13.7.2022 Literaturhaus
Isabelle Graw stellt im Gespräch mit Helene Hegemann ihr neues Buch Vom Nutzen der Freundschaft vor. Das Haus ist ausverkauft. Graw sieht strahlend aus, füllt den Raum mit ihrer Präsenz, ihrer Eloquenz und Wachheit. Sie hat dabei gleichzeitig etwas Angestrengtes, wirkt ein wenig streberhaft in ihrem Bemühen Gefallen zu wollen. Dabei teilt sie in Richtung des männlichen Geschlechts ordentlich aus.

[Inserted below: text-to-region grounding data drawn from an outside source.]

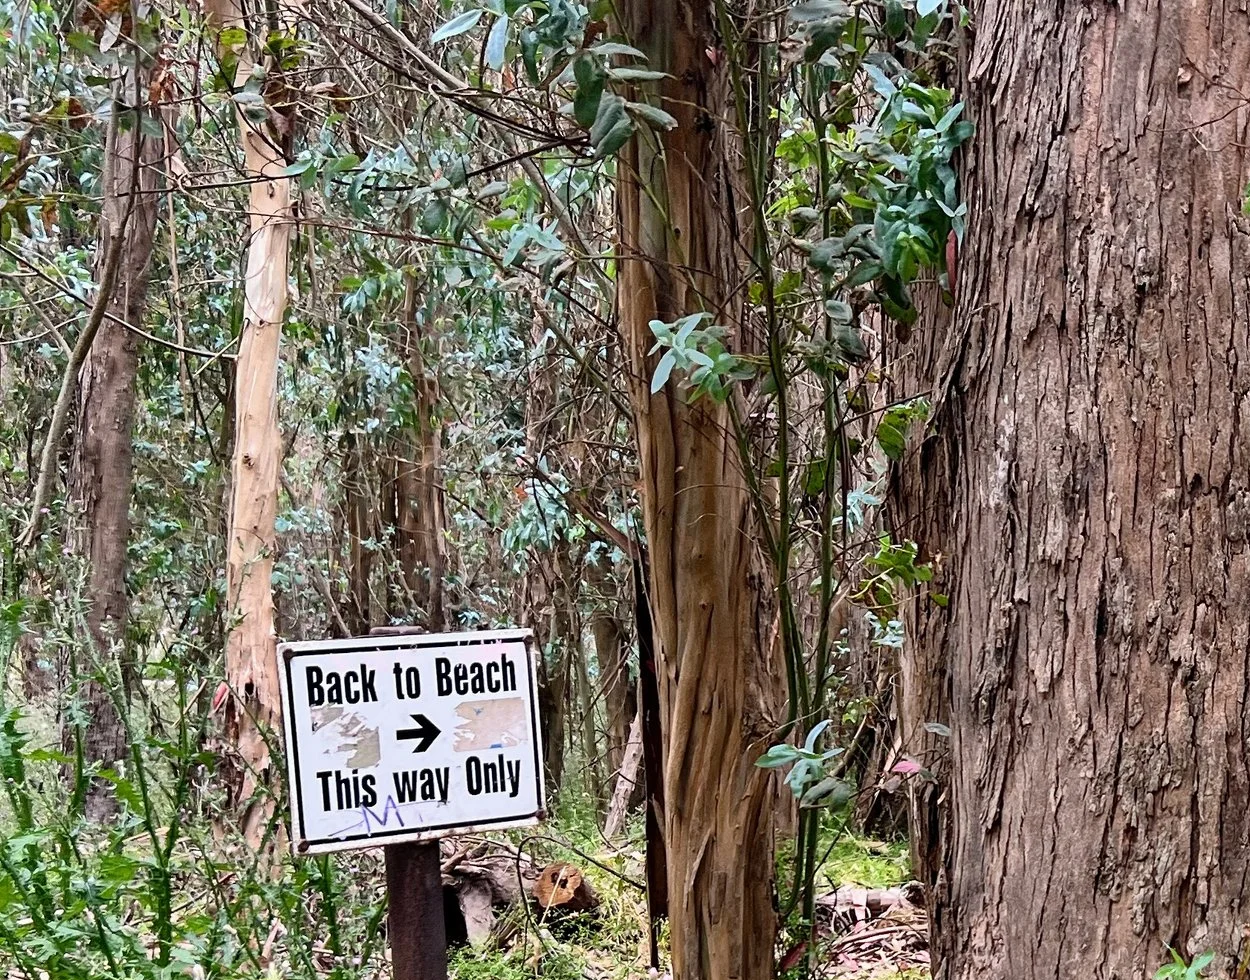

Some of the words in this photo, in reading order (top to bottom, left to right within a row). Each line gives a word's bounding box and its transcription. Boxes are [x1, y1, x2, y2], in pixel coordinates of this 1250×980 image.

[305, 664, 378, 706] Back
[393, 662, 421, 700] to
[435, 653, 517, 697] Beach
[317, 769, 377, 812] This
[393, 767, 450, 808] way
[465, 754, 521, 798] Only
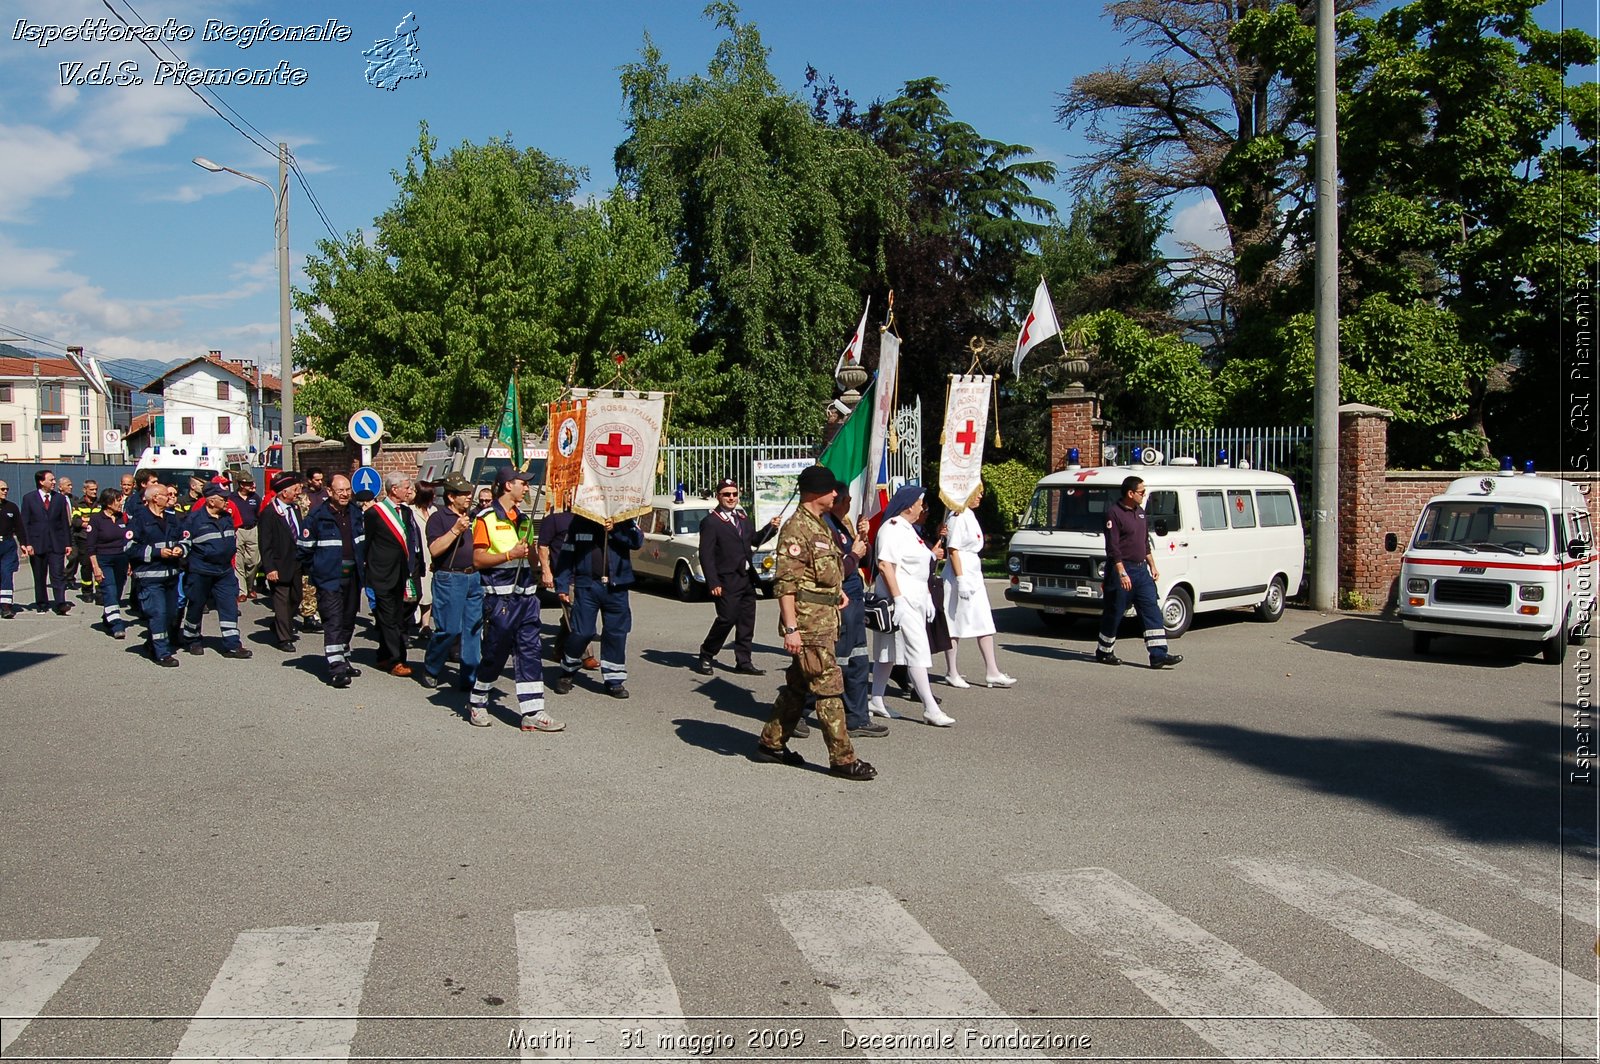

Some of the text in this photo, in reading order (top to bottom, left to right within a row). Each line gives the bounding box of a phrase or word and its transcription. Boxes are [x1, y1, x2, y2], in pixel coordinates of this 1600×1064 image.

[600, 404, 658, 432] ROSSA ITALIANA
[581, 485, 642, 494] COMITATO LOCALE
[609, 494, 646, 505] TORINESE

Als sie einige Textstellen vorliest, finde ich, dass sie das gut macht mit dem persönlichen Ton und der gleichzeitigen Rückbindung an Philosophen und Vordenkerinnen. Ihr Ansatz: „Für das Buch habe ich mir vorgenommen, die sonst sorgfältig getrennten Ebenen ‚Analyse‘ und ‚Emotion‘ in diesem Projekt kurzzuschließen“, führt dazu, dass sich voyeuristisches Interesse mit der Neugier auf ihre Beschreibung des Konzept der professionellen Freundschaft vermischt, das im Kunstfeld so unerlässlich für die Karriere ist und gleichzeitig Ausbeutung und Machtverhältnisse mit sich bringt. Am Ende bleibt eine merkwürdige Gleichzeitigkeit zurück, weil sie ihre mitunter harsche Kritik mit einem Lächeln vorträgt; weil sie strukturelle Probleme anspricht, aber hauptsächlich um sich selber kreist; weil sie einen persönlichen Ton anschlägt, aber sich durch das Zitieren diverser Referenzen absichert (und unverständlicherweise auf ein Quellenverzeichnis verzichtet).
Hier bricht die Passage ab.